Cloud Service Issue

Incident Report for SecureAuth Service

Postmortem

Polaris Twilight Outage RCA - September 12, 2024

Problem Description

On September 11, 2024 at 7:16PM, the SecureAuth Cloud Infrastructure encountered widespread connection issues with databases systems which resulted in authentication failures for impacted customers.

Cause

The SecureAuth Cloud Operations team was alerted of connections issues with the Twilight service (integral service which other microservices are reliant). Upon investigation, we identified that the service was experiencing database latency due to CPU utilization spikes on the database. The CPU spikes triggered mass restarts of the Twilight Service which in turn caused extended CPU spikes on the database.

The root cause was due to legacy dependencies on the database that were negatively affected during a redistribution exercise related to the Vault migration performed on August 29, 2024. Those legacy dependencies were originally determined to be benign, and therefore assumed to have no impact to the customer base after the Vault migration.

It was determined that the CPU spikes were caused by the interface between the service and the database in form of health checks that created a snowball effect, resulting in the aforementioned issues with the Twilight service.

Due to the nature of this issue, not all customers were immediately impacted; however, the recovery and resolution of this issue impacted all customer cloud services as a result of the scaling operations.

Recovery

To mitigate this issue, the cloud services were scaled down alleviate database pressure. Once the database stabilized, the services were scaled back up in a controlled manner until all services were fully restored.

Timeline: Sep 11, 2024

7:16PM PST – Twilight connection issues begin and alerts were triggered
7:17PM PST – Cloud Operations team join bridge to investigate alerts
7:27PM PST – Issue is understood and mitigation efforts begin
7:27PM PST – Scale down of cloud services to alleviate database pressure begins.
7:40PM PST – Scale down complete and database CPU utilization stabilizes
7:41PM PST – Controlled (staggered) scale up of cloud services begins
8:30PM PST – Controlled scale up of cloud services is completed
8:40PM PST – All services in running state
9:00PM PST – Validation testing complete and incident resolved
Post-9:00PM PST – Continued to monitor closely while working with some customers as needed to resolve intermittent issues caused by the incident.

Corrective Actions

Engineering to review and improve the Twilight to Cockroach Database interface and determine a more elegant solution to the health check actions that would diminish the result of mass-restarts of the service during periods of high-usage spikes.
Leadership review of database alternatives to the solution architecture
Improve decision-making accuracy by increasing team knowledge around legacy systems to ensure end to end awareness of potential impacts to assumed benign configuration changes.
Introduce additional gates into the existing CAB (Change Advisory Board) process, including additional Engineering leadership, including cross-functional Subject Matter Experts

Posted Sep 12, 2024 - 13:30 PDT

Resolved

The incident has been resolved.

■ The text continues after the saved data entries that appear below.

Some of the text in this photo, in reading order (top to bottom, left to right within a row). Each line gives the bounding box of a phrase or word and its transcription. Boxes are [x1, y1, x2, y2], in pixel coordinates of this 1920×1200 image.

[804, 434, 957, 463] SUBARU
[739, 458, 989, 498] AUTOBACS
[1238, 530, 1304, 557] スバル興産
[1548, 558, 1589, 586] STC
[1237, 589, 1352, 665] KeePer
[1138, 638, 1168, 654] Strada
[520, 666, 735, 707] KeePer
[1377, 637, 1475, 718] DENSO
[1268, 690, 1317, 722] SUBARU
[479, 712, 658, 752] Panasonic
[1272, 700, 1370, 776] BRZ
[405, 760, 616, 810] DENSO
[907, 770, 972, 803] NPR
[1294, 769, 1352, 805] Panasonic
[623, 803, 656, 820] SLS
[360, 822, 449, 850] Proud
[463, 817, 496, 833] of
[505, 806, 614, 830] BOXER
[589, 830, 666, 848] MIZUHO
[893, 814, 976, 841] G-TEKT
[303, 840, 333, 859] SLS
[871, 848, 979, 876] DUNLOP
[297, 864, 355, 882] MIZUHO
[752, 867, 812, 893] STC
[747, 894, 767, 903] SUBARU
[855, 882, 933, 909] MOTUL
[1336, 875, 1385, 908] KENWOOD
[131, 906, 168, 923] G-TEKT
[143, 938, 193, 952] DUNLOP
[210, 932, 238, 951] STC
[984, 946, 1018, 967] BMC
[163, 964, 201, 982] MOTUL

For any remaining issues or questions please reach out to support@secureauth.com.

Posted Sep 11, 2024 - 21:38 PDT

Monitoring

A fix has been implemented and all issues have been resolved. We are continuing to monitor.

Posted Sep 11, 2024 - 21:17 PDT

Identified

We have identified the issue and are in the process of implementing a fix.

Posted Sep 11, 2024 - 20:33 PDT

Investigating

We are investigating an issue with our Cloud Services, and will post updates as we gain understanding to the issue.

Posted Sep 11, 2024 - 19:43 PDT

This incident affected: Workforce (SMS, Voice, Push).